▸ YOUR OBJECTIVE
Write all entries out exactly, images excluded.

Free-text object descriptions:
▼▼▼

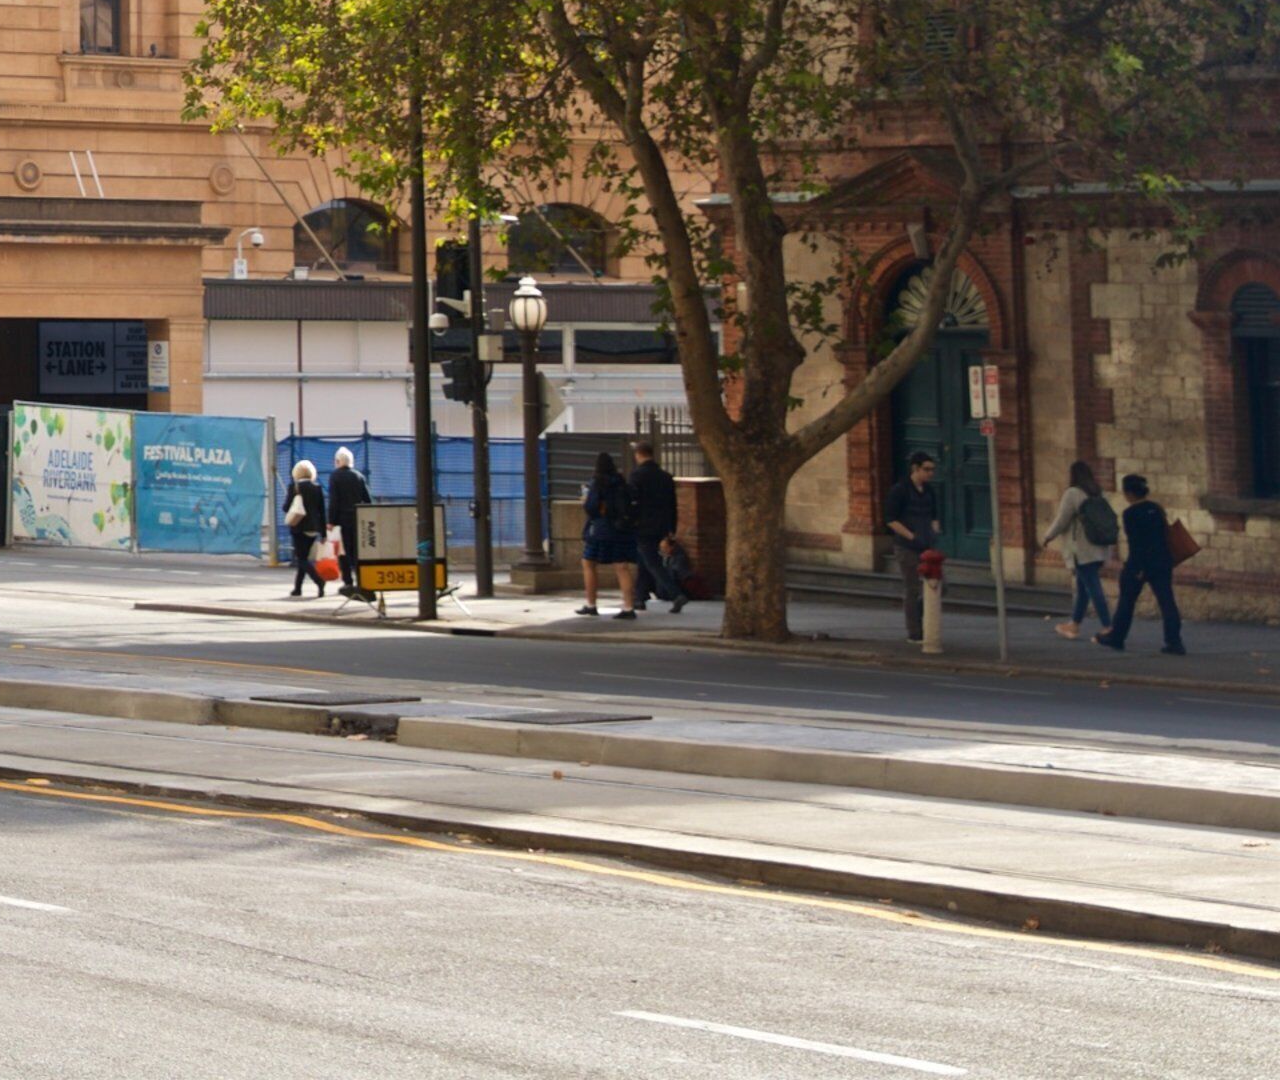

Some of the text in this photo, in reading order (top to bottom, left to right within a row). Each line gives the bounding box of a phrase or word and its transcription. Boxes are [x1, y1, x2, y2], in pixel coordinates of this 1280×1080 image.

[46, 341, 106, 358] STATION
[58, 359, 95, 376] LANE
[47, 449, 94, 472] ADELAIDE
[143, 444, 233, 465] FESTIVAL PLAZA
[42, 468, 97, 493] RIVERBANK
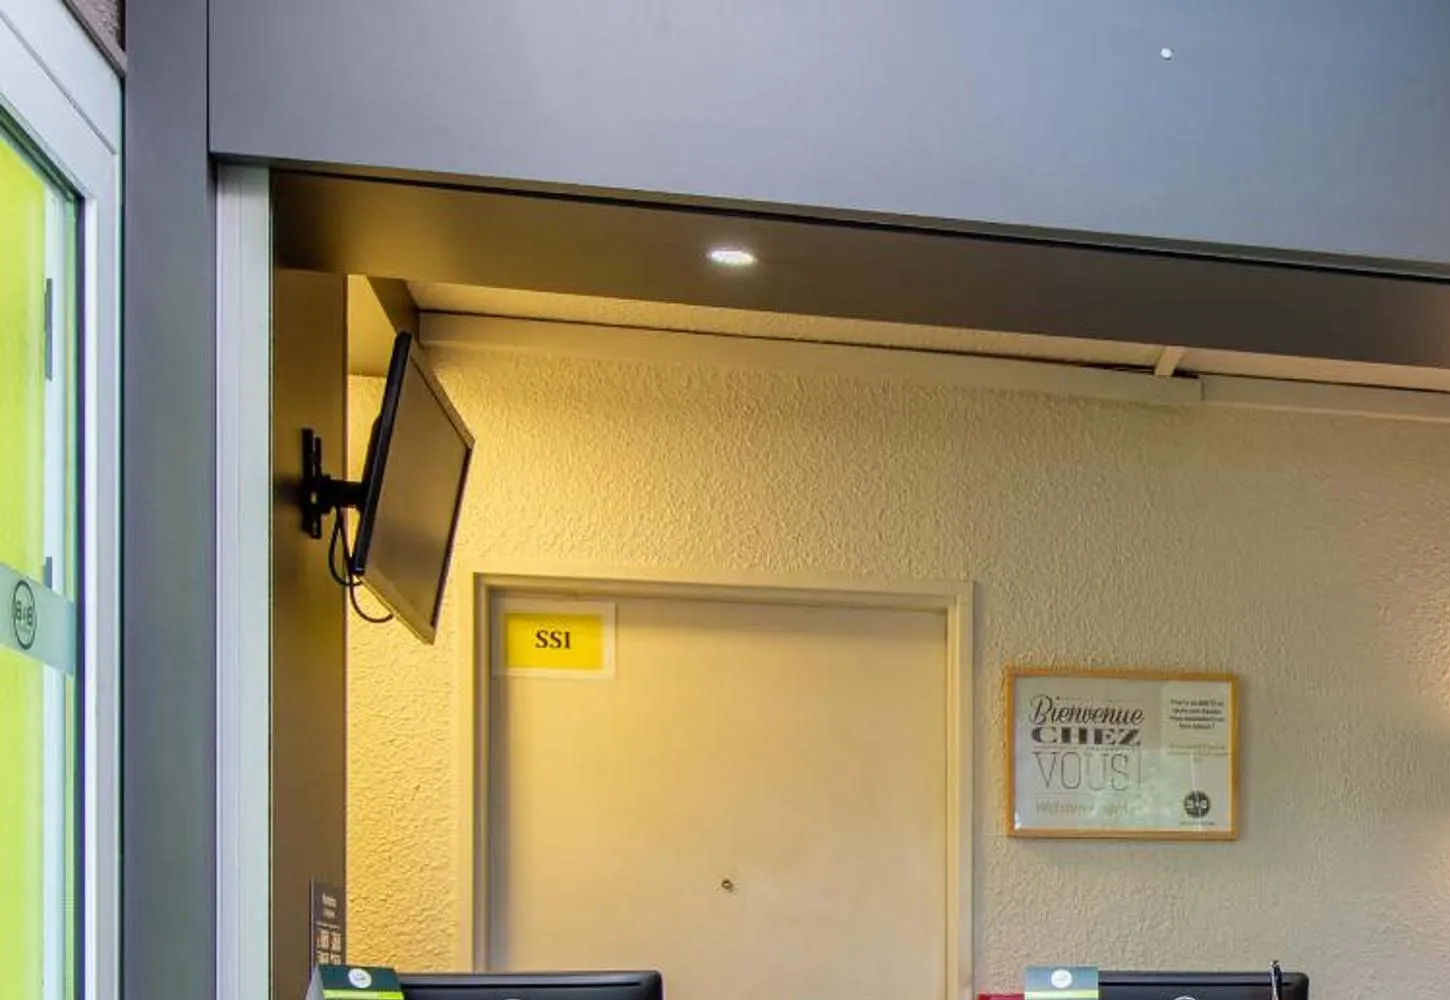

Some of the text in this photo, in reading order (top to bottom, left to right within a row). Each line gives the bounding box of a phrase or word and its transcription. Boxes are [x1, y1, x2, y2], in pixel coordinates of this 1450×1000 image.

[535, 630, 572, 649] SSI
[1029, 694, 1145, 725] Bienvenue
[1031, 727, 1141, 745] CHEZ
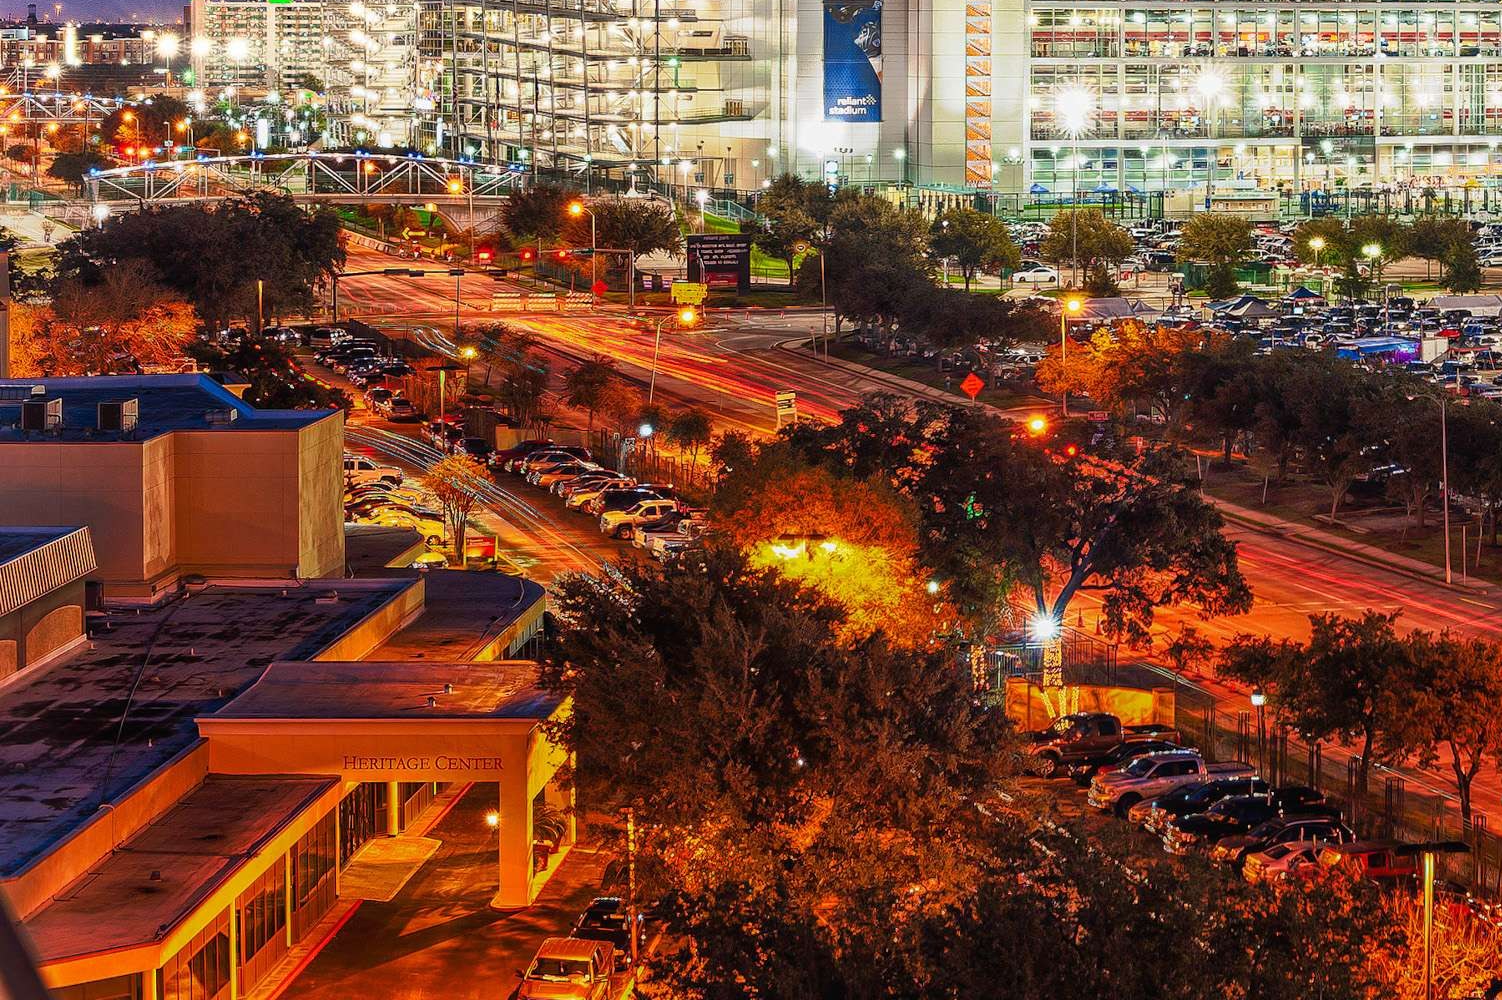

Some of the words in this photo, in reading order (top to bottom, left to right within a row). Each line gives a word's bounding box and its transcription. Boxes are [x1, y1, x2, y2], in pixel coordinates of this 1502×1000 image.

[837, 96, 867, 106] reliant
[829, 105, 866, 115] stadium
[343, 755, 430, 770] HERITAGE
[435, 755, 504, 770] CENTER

▲▲▲

▸ EXERCISE ANSWER
Some of the text in this photo, in reading order (top to bottom, left to right within a row). Each line gives the bounding box of a phrase or word and its transcription. Boxes are [x1, y1, x2, y2], in pixel coordinates of this 1280×1080 image.

[46, 341, 106, 358] STATION
[58, 359, 95, 376] LANE
[47, 449, 94, 472] ADELAIDE
[143, 444, 233, 465] FESTIVAL PLAZA
[42, 468, 97, 493] RIVERBANK

Some of the text in this photo, in reading order (top to bottom, left to right within a row). Each line gives the bounding box of a phrase or word and its transcription. Boxes are [x1, y1, x2, y2], in pixel coordinates of this 1450×1000 image.

[535, 630, 572, 649] SSI
[1029, 694, 1145, 725] Bienvenue
[1031, 727, 1141, 745] CHEZ

Some of the words in this photo, in reading order (top to bottom, left to right within a row). Each line gives a word's bounding box and its transcription. Boxes are [x1, y1, x2, y2], in pixel coordinates of this 1502×1000 image.

[837, 96, 867, 106] reliant
[829, 105, 866, 115] stadium
[343, 755, 430, 770] HERITAGE
[435, 755, 504, 770] CENTER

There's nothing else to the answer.